All unused data allocation for a year may be used and converted as rebates, which may be used by subscribers as payment for their respective Internet services in the succeeding year of subscription.

As for prepaid subscribers or users and postpaid subscribers who avail of internet data package promo offers, their unused data allocations shall be rolled-over, provided that the subscribers or users renew their subscriptions right after the lapse of the duration of their respective data packages.

The unused data allocation of subscribers who fail to renew their subscriptions on time shall be reduced by 20% every day until the subscriptions are renewed.

If the subscriptions are not renewed after 5 days, all unused data allocations shall be considered consumed.

The only exemptions for these data caps are the  subscribers who have availed and shall avail of any unlimited internet data package with no data caps.

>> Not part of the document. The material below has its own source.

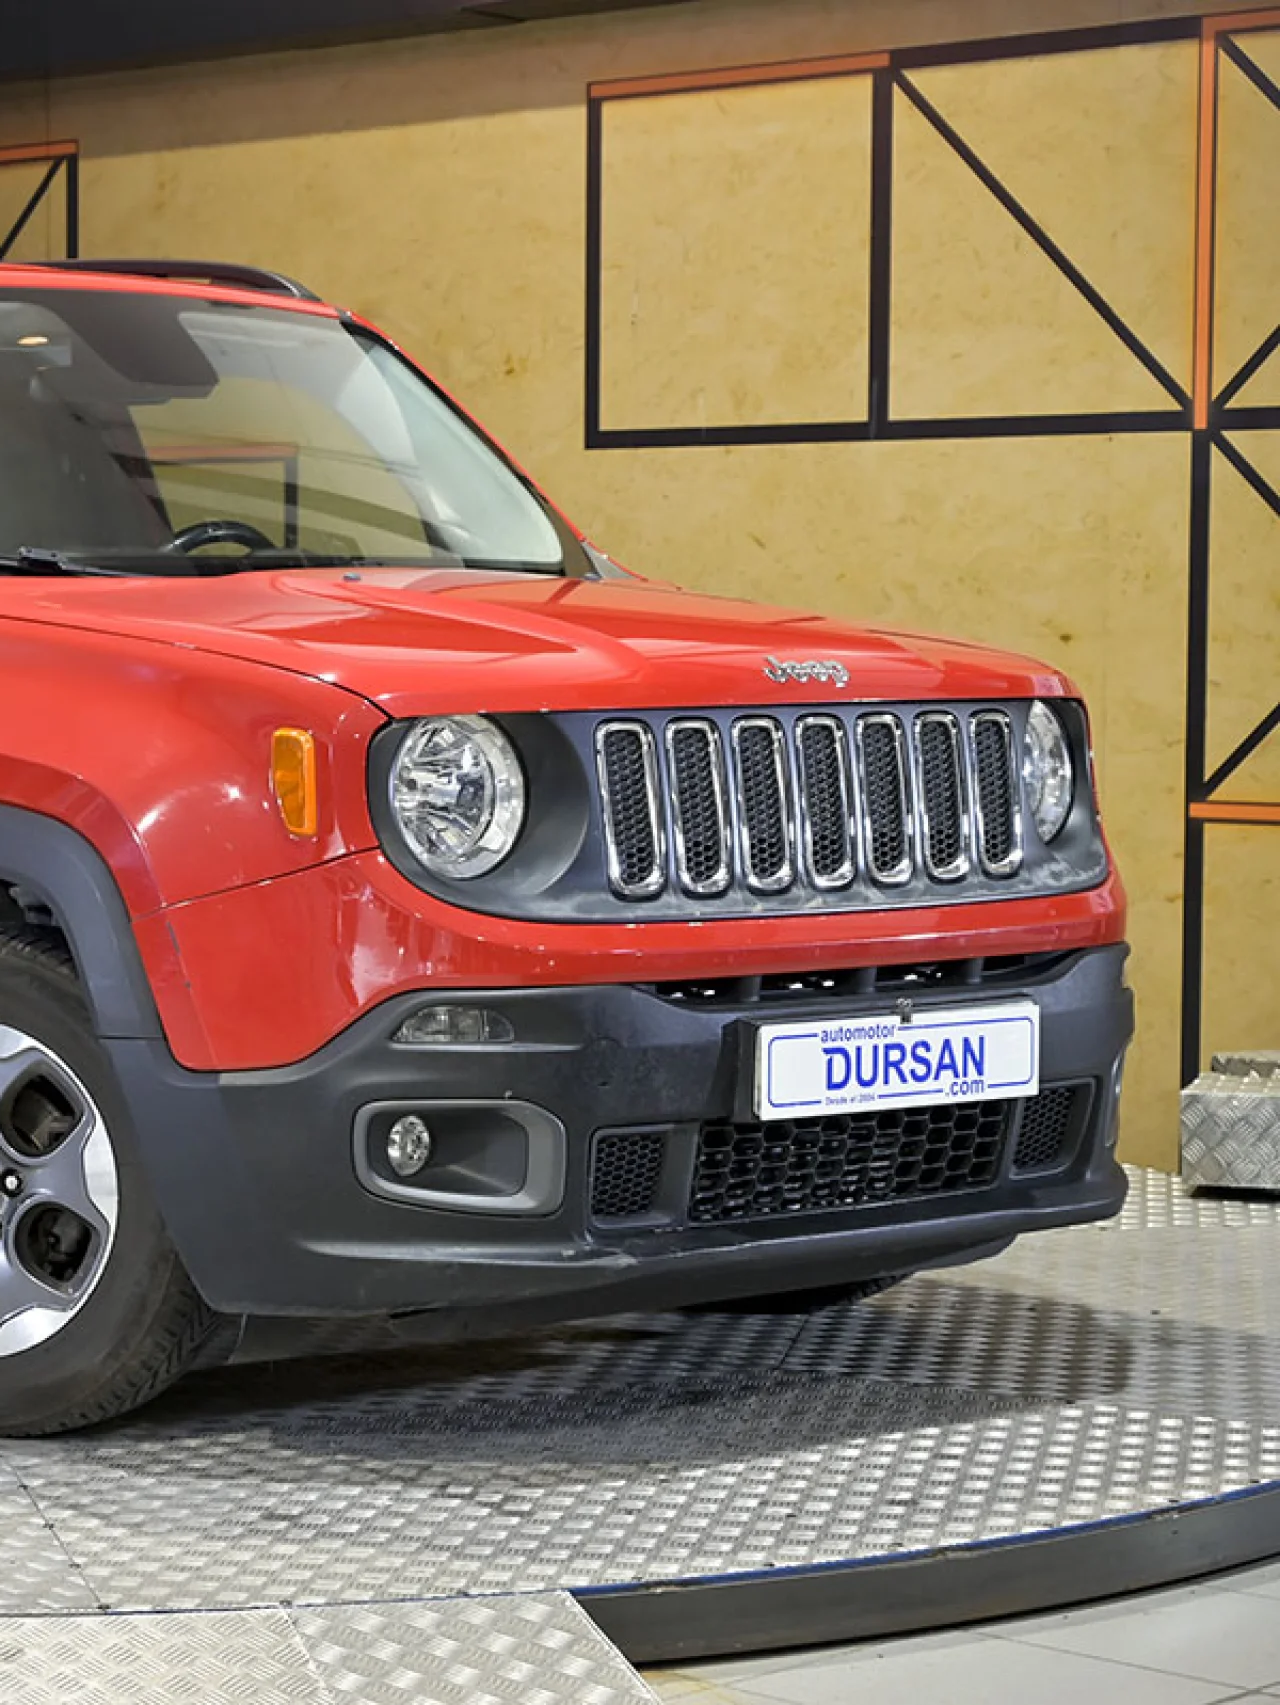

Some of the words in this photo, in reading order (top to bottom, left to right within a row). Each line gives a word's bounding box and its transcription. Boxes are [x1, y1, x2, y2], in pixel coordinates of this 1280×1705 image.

Any ISP who fails to comply with any of the provisions of this Act shall be fined P50,000 per violation; and for repeat offenders, the penalty, aside from the cash fines, are the  revocation or cancellation of the license, registration or franchise of an ISP including the waiving of any pre-termination fees of affected subscriber.

On top of the cash penalty, repeat violators face the  revocation or cancellation of their licenses, registration or franchises, and the waiving of any pre-termination fees of the affected subscribers.